▸ **ABOUT THIS TASK**
The entries that follow need to be printed exactly as they are, minus any pictures.

▸ **PROVIDED ENTRIES**
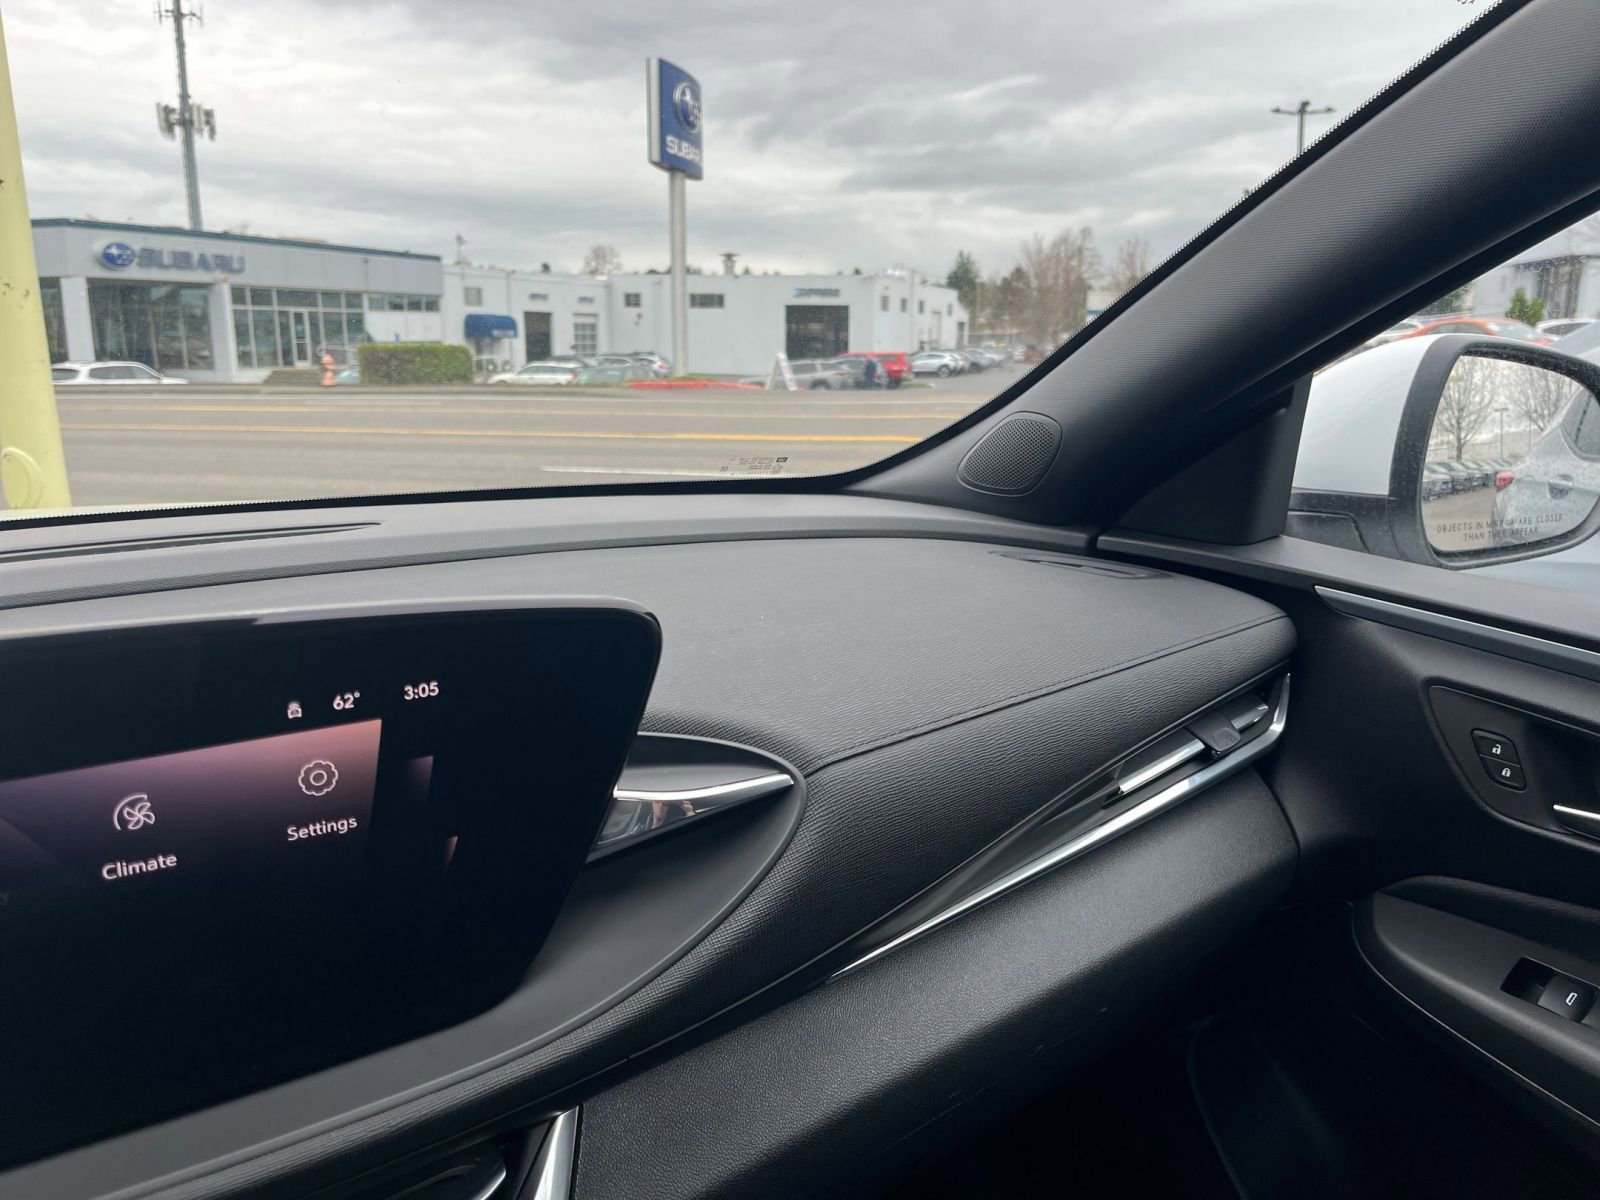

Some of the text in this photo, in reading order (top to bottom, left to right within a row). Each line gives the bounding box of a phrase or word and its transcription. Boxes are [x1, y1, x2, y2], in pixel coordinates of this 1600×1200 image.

[137, 247, 246, 274] SUBARU
[1436, 522, 1473, 533] OBJECTS
[1518, 515, 1533, 526] ARE
[1535, 512, 1564, 524] CLOSER
[1463, 531, 1485, 542] THAN
[1510, 526, 1539, 538] APPEAR
[332, 689, 361, 711] 62°
[403, 680, 440, 700] 3:05
[287, 816, 358, 842] Settings
[101, 853, 178, 880] Climate
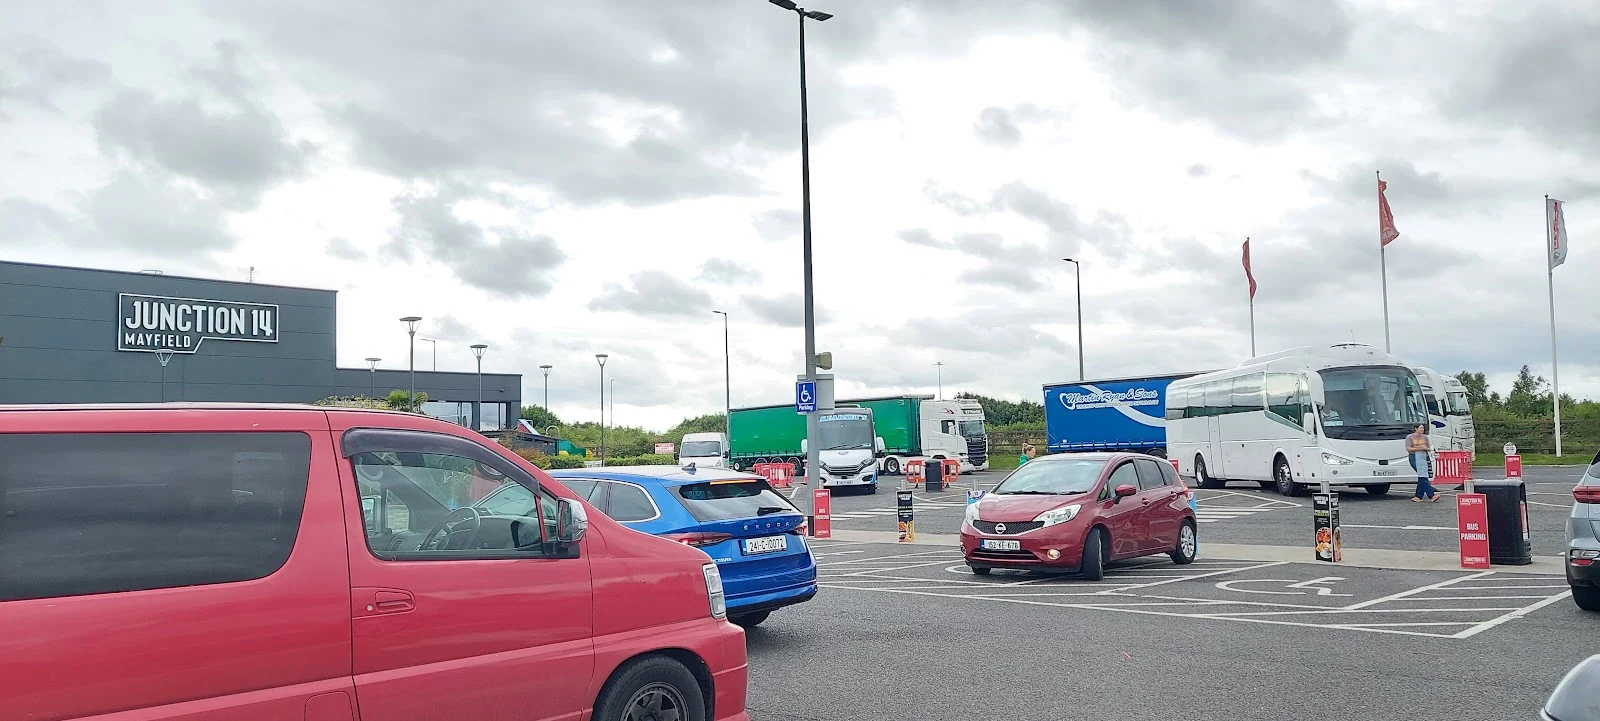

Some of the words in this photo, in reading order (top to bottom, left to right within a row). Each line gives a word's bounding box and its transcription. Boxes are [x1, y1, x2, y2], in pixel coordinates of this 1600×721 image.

▸ **WRITTEN SOLUTION**
Some of the text in this photo, in reading order (top to bottom, left to right within a row). Each line gives the bounding box of a phrase or word and its transcription. Boxes are [x1, y1, x2, y2], in pixel coordinates of this 1600×1200 image.

[137, 247, 246, 274] SUBARU
[1436, 522, 1473, 533] OBJECTS
[1518, 515, 1533, 526] ARE
[1535, 512, 1564, 524] CLOSER
[1463, 531, 1485, 542] THAN
[1510, 526, 1539, 538] APPEAR
[332, 689, 361, 711] 62°
[403, 680, 440, 700] 3:05
[287, 816, 358, 842] Settings
[101, 853, 178, 880] Climate

Some of the words in this photo, in reading order (top to bottom, left to right within a row). Each line gives a word's bounding box and its transcription. Boxes are [x1, y1, x2, y2], in pixel coordinates of this 1600×721 image.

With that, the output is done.